**TASK INSTRUCTIONS:**
All records below should be repeated exactly, with the pictures left out.

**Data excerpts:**
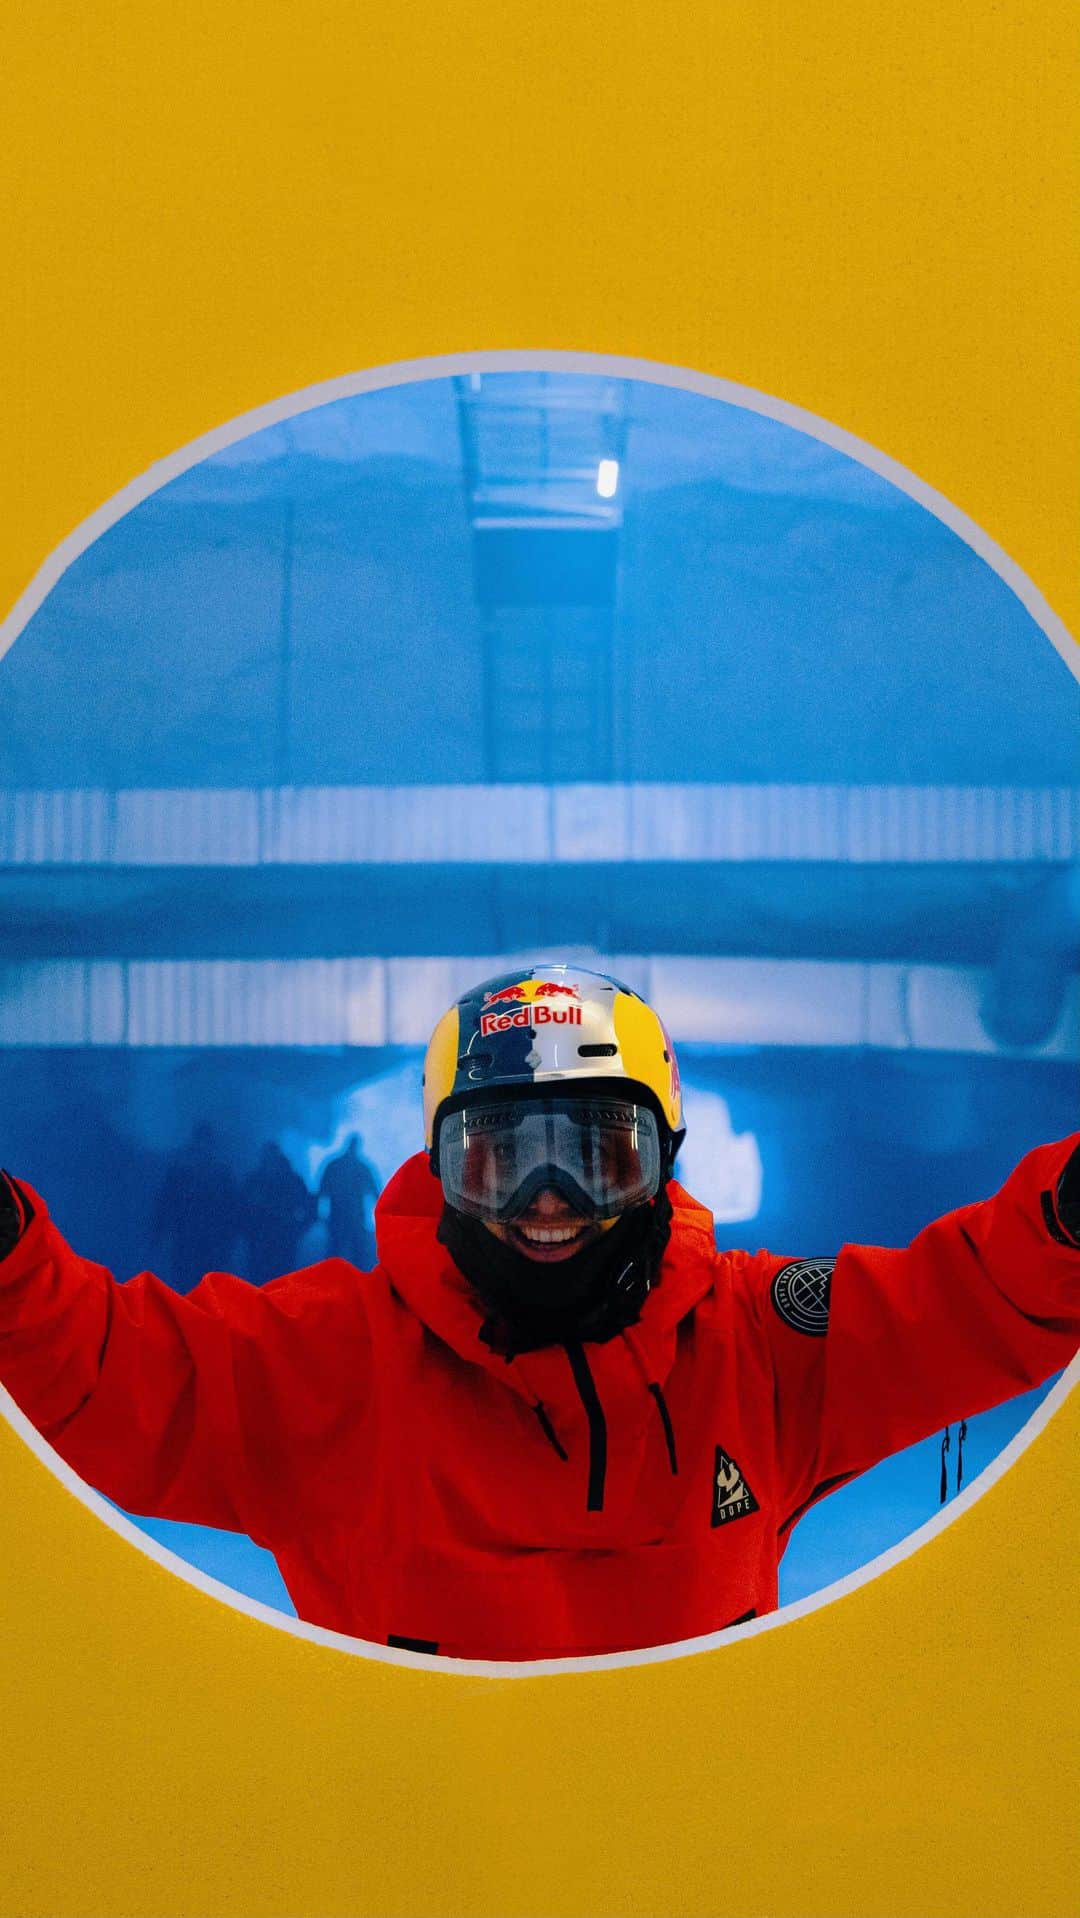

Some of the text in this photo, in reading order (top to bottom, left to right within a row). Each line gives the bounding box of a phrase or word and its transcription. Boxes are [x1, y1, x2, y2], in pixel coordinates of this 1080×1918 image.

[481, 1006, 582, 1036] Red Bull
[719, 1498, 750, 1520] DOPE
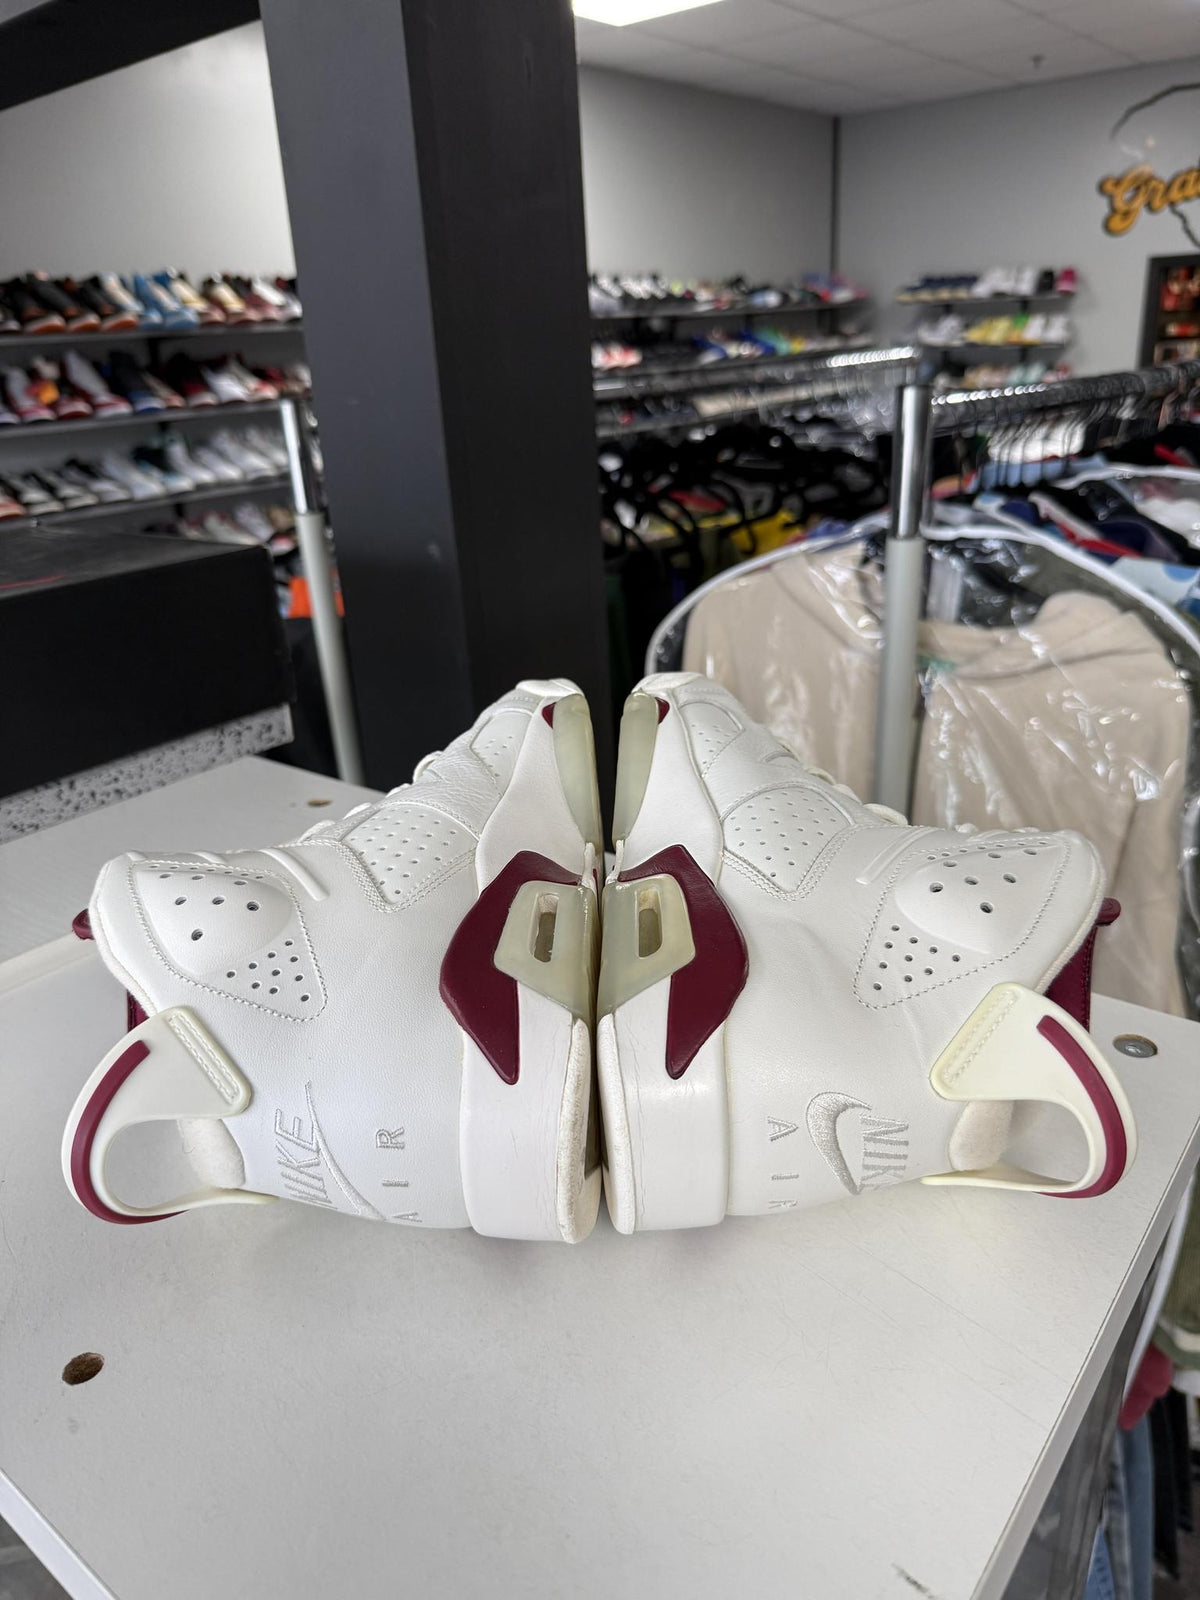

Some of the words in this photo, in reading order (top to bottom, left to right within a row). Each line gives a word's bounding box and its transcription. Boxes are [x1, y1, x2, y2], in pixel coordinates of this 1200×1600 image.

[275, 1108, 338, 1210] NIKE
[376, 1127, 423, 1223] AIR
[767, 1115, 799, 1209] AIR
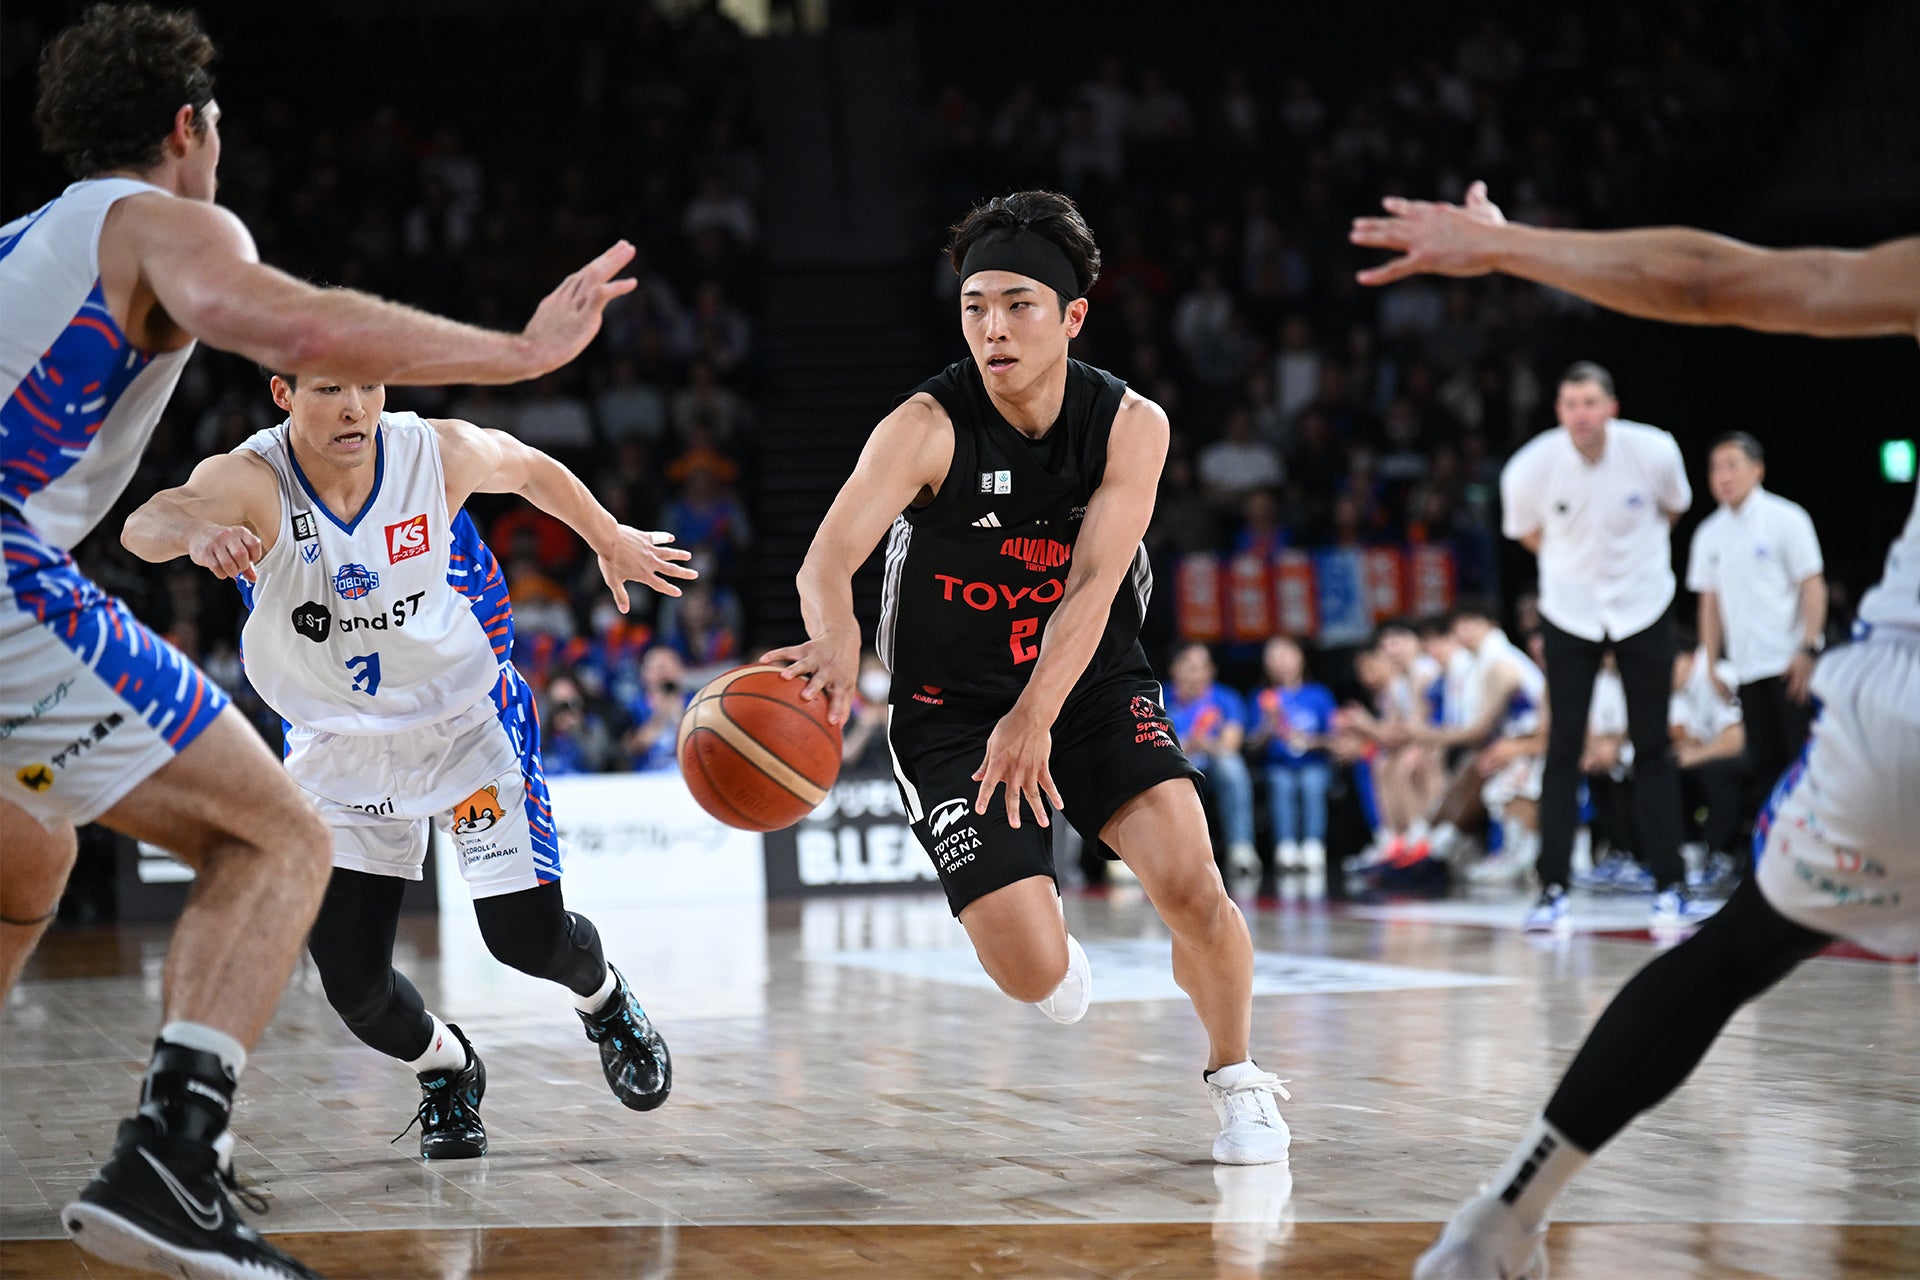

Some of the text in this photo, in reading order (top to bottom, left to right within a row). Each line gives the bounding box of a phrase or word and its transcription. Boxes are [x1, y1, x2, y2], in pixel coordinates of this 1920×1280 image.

**EXERCISE RESULT:**
Some of the text in this photo, in reading order (top to bottom, left to right within a row). Each line gives the bounding box of a phrase or word and its transcription. Boxes are [x1, y1, x2, y2], in pixel coordinates of this 1080×1918 image.

[481, 1006, 582, 1036] Red Bull
[719, 1498, 750, 1520] DOPE

Some of the words in this photo, in reading order (top to bottom, left to right within a row). Each line gives a word's bounding box and its transcription. Boxes are [x1, y1, x2, y2], in pixel coordinates of this 1200×1600 image.

[275, 1108, 338, 1210] NIKE
[376, 1127, 423, 1223] AIR
[767, 1115, 799, 1209] AIR

Some of the text in this photo, in reading order (top to bottom, left to right within a row). Each line gives the bounding box of a phrase or word and its transcription. Boxes are [x1, y1, x2, y2], in pixel coordinates of this 1920×1280 image.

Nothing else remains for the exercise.